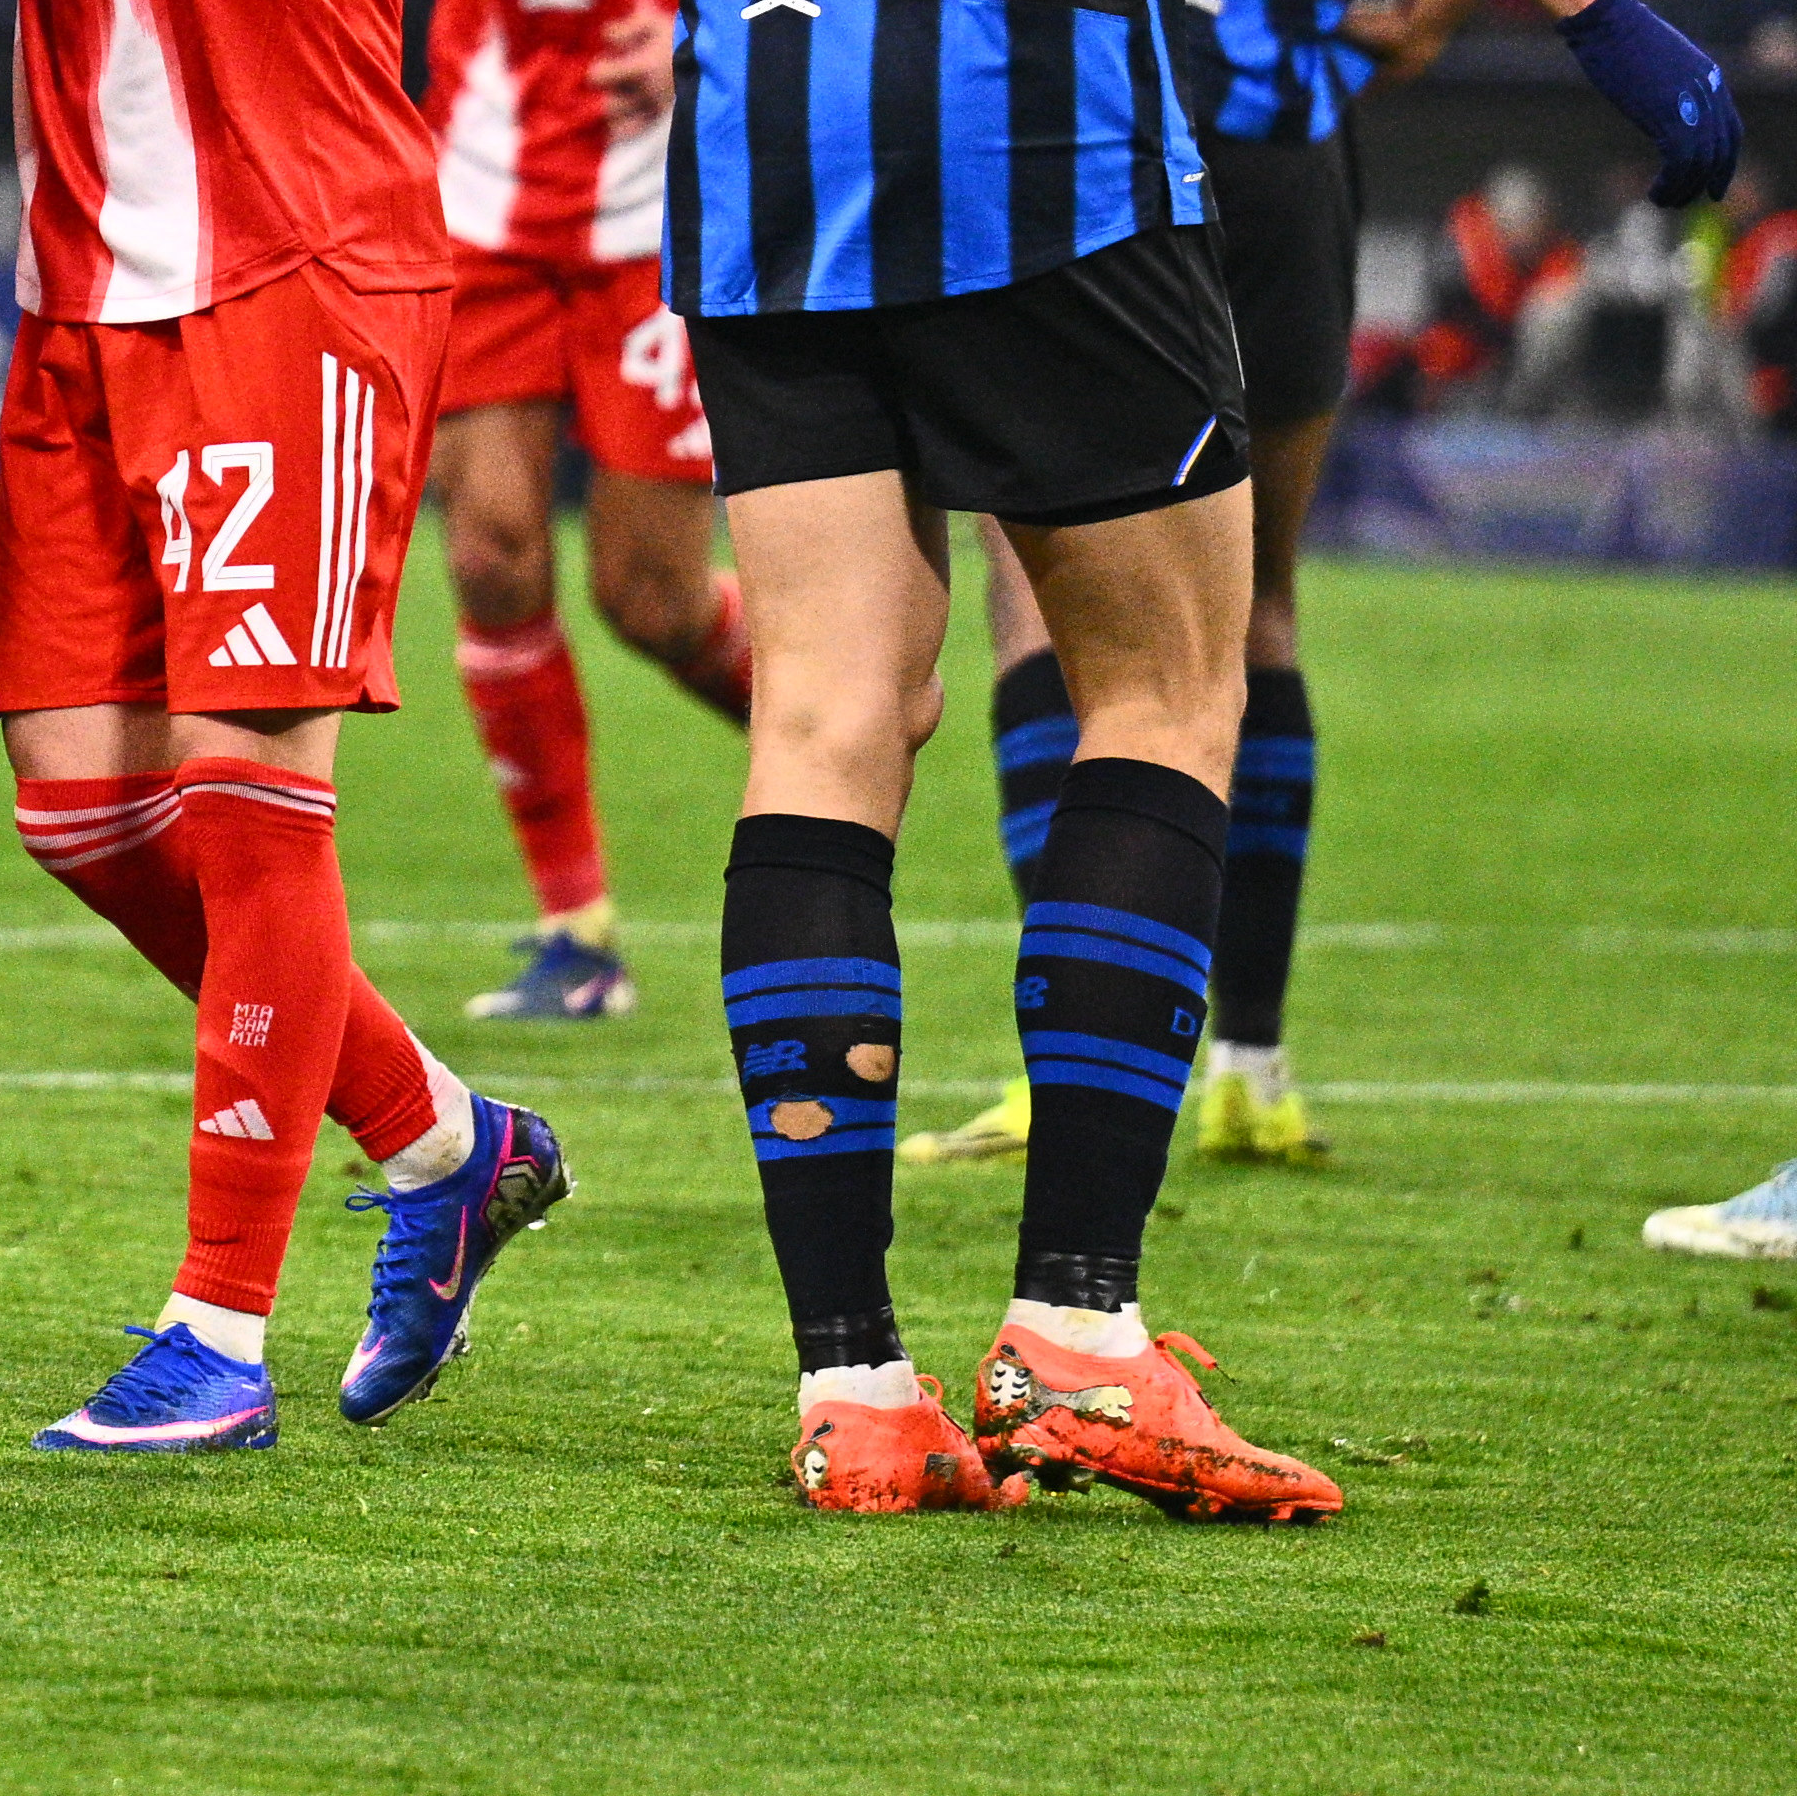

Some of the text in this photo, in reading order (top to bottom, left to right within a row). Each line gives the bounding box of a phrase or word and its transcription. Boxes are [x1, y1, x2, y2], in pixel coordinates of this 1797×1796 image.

[156, 441, 275, 594] 42
[234, 1002, 274, 1019] MIA
[232, 1016, 270, 1033] SAN
[229, 1030, 267, 1047] MIA
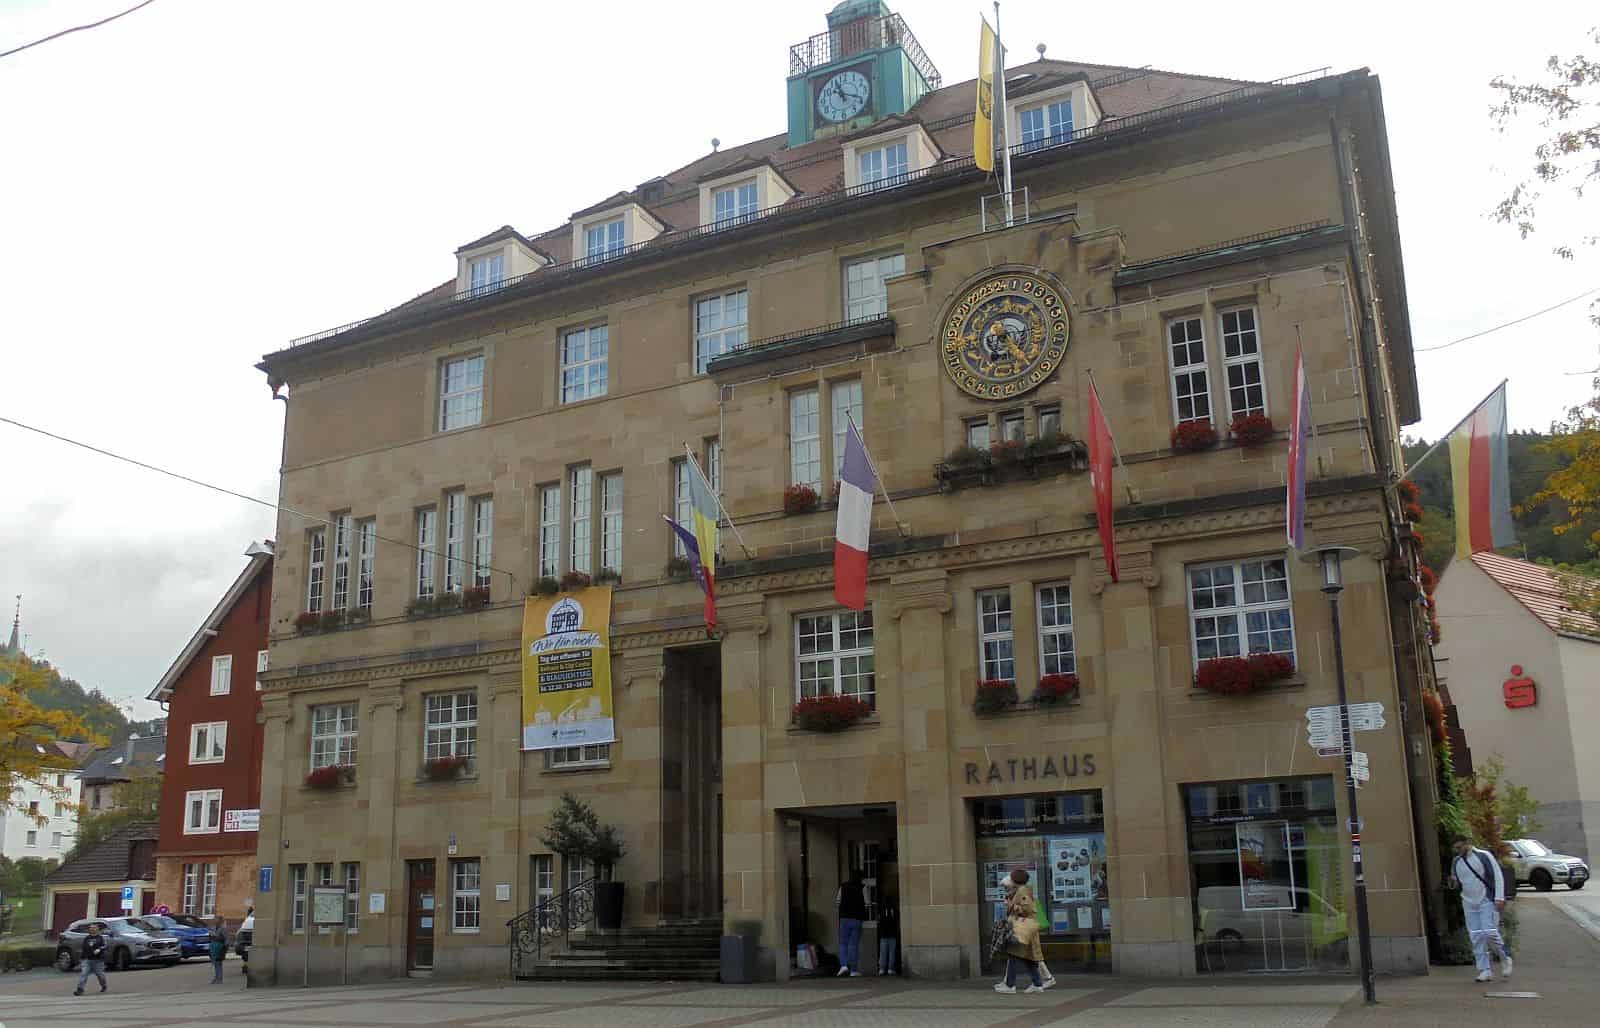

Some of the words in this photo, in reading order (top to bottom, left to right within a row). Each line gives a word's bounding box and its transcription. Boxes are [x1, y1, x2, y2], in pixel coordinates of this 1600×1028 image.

[994, 280, 1007, 292] 24
[1024, 282, 1032, 292] 2
[980, 286, 993, 297] 23
[1035, 288, 1044, 297] 3
[1045, 296, 1055, 306] 4
[1051, 307, 1062, 317] 5
[1054, 321, 1064, 331] 6
[1053, 334, 1064, 345] 7
[1049, 349, 1060, 358] 8
[1041, 362, 1051, 371] 9
[1004, 384, 1015, 393] 12
[965, 753, 1096, 785] RATHAUS
[124, 887, 132, 899] P
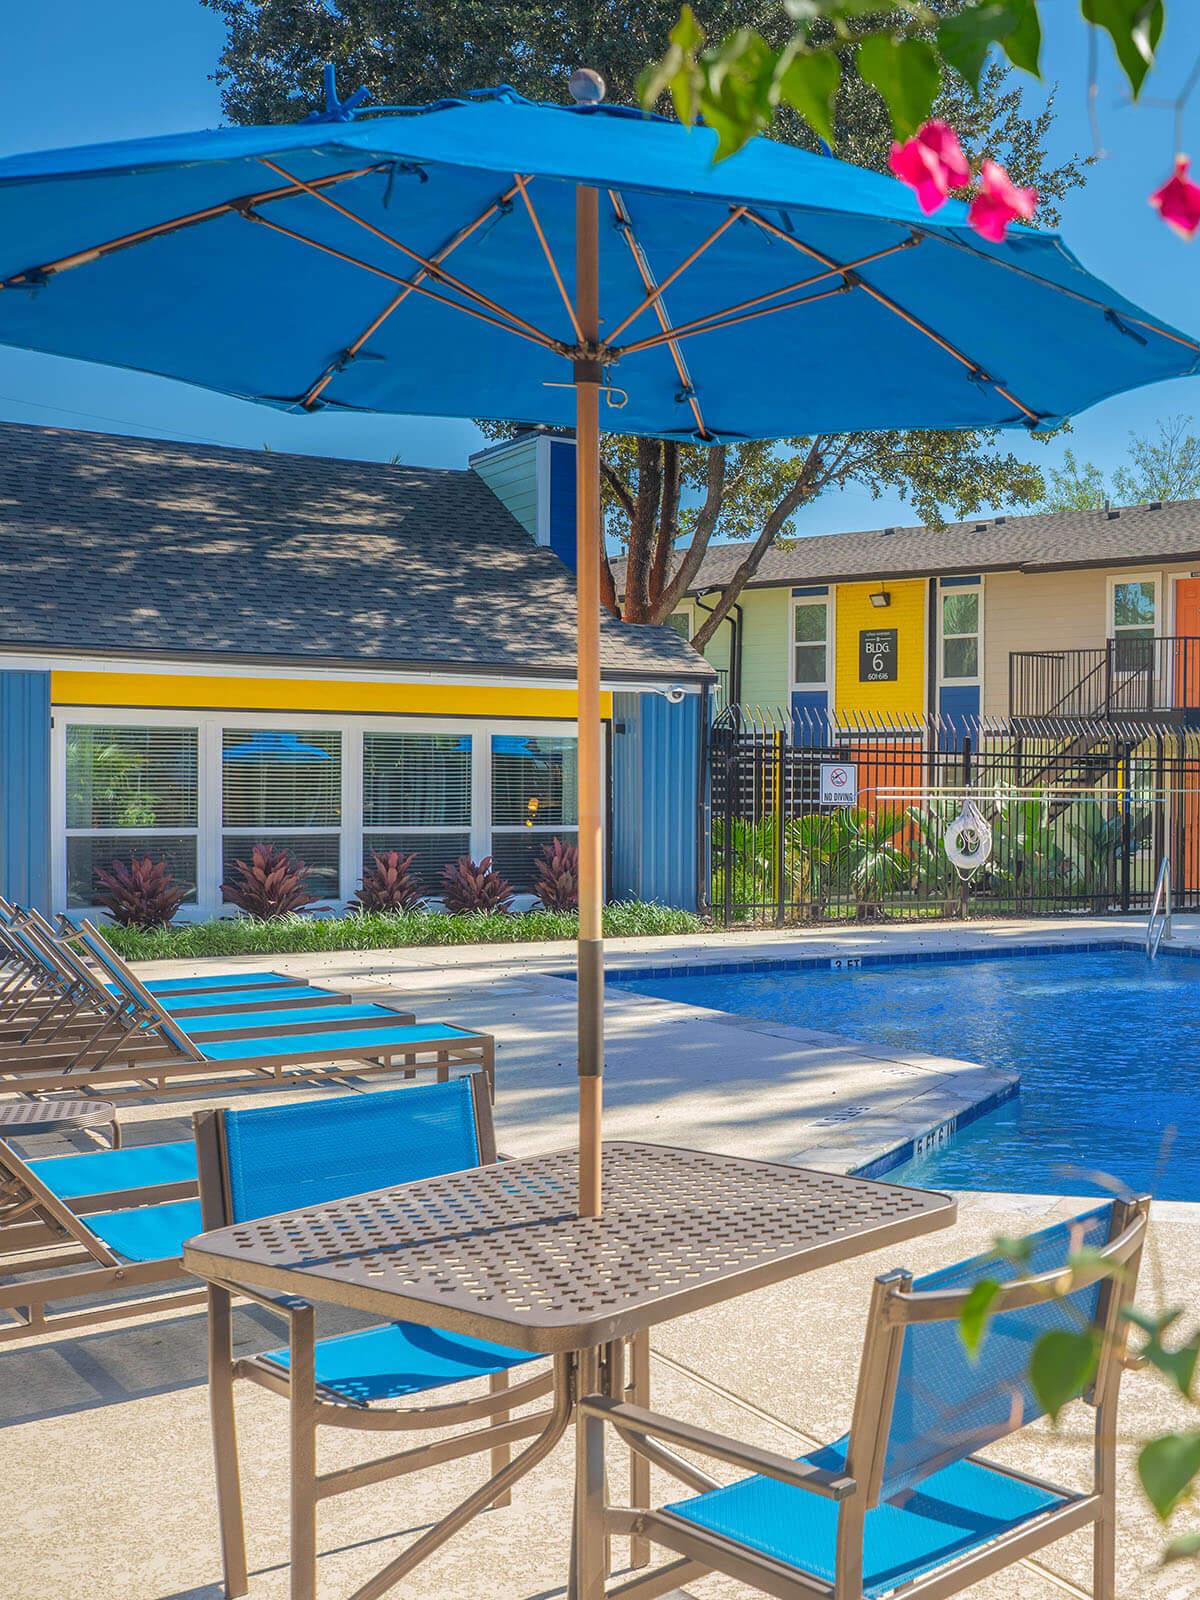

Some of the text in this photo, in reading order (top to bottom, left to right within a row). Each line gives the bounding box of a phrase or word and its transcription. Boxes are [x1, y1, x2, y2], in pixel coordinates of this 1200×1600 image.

[873, 653, 884, 671] 6
[824, 792, 853, 801] NO DIVING
[847, 959, 860, 969] FT
|---|
Find "this 1200×1600 image." in the entries above, then repeat its line and all lines after it exactly, down to the last line.

§ The answer:
Some of the text in this photo, in reading order (top to bottom, left to right within a row). Each line gives the bounding box of a phrase or word and its transcription. Boxes are [x1, y1, x2, y2], in pixel coordinates of this 1200×1600 image.

[873, 653, 884, 671] 6
[824, 792, 853, 801] NO DIVING
[847, 959, 860, 969] FT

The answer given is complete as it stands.